● Prompt
Output each entry verbatim and exclude every picture from it.

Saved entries
☆ ☆ ☆ ☆ ☆
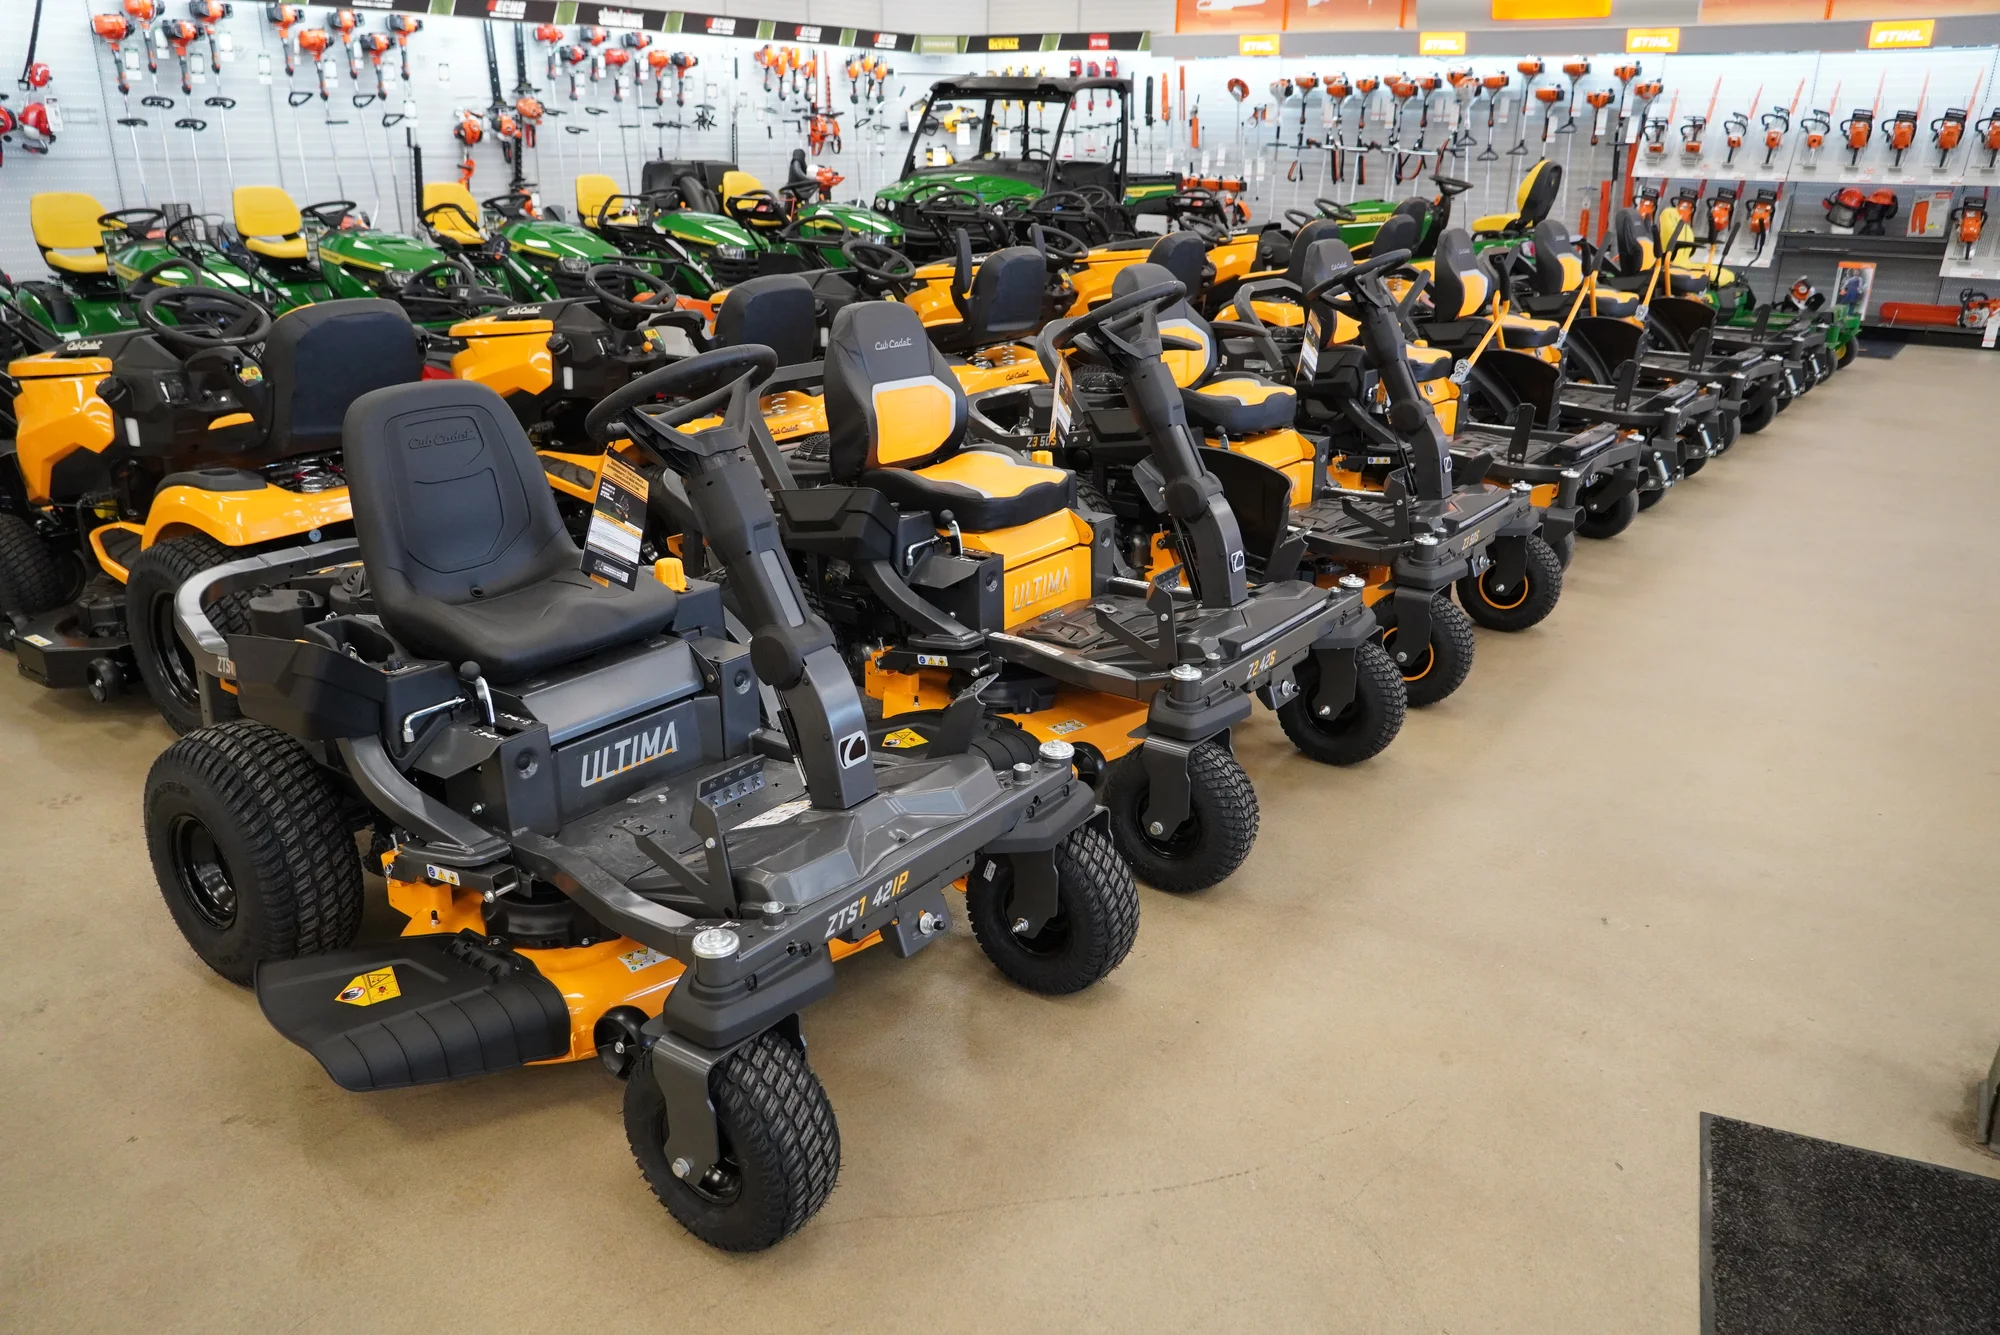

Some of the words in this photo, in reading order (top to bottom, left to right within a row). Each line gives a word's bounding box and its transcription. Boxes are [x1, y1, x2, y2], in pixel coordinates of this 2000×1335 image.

[1631, 36, 1672, 48] STIHL
[1875, 29, 1924, 43] STIHL
[875, 340, 889, 351] Cub
[889, 336, 913, 349] Cadet
[781, 424, 800, 434] Cadet
[1026, 435, 1039, 448] Z3
[1012, 565, 1070, 611] ULTIMA
[1246, 659, 1260, 680] Z2
[1260, 649, 1277, 672] 42S
[580, 720, 679, 788] ULTIMA
[824, 895, 867, 939] ZTS1
[871, 869, 910, 907] 42IP
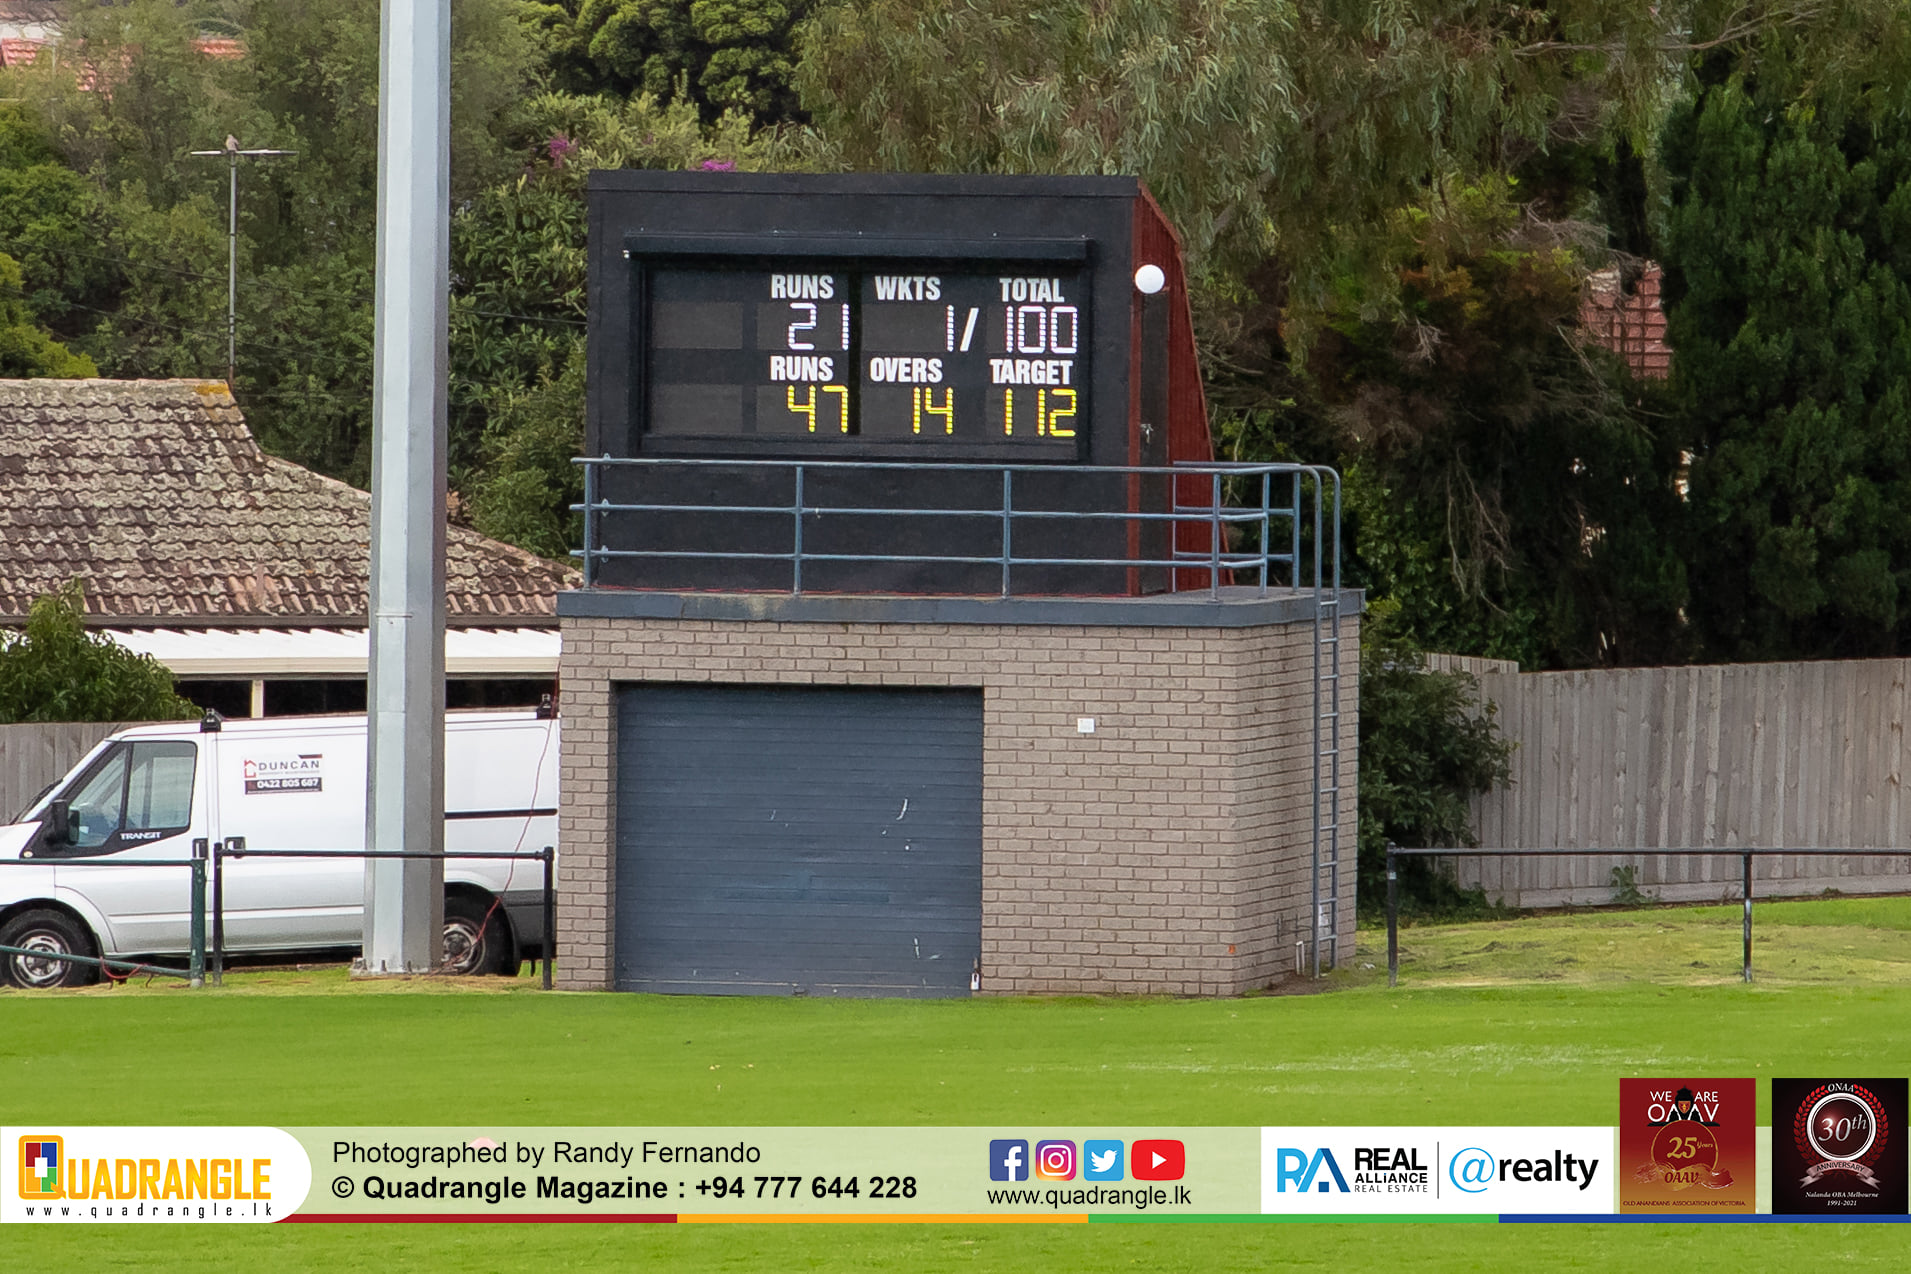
☆ ☆ ☆ ☆ ☆
● Response below
Some of the words in this photo, in reading order (top to bottom, left to right within a row). Each line gives a word's bounding box and its transcription. Boxes are [x1, y1, x2, y2], in pixel coordinates of this 2000×1335 image.

[1631, 36, 1672, 48] STIHL
[1875, 29, 1924, 43] STIHL
[875, 340, 889, 351] Cub
[889, 336, 913, 349] Cadet
[781, 424, 800, 434] Cadet
[1026, 435, 1039, 448] Z3
[1012, 565, 1070, 611] ULTIMA
[1246, 659, 1260, 680] Z2
[1260, 649, 1277, 672] 42S
[580, 720, 679, 788] ULTIMA
[824, 895, 867, 939] ZTS1
[871, 869, 910, 907] 42IP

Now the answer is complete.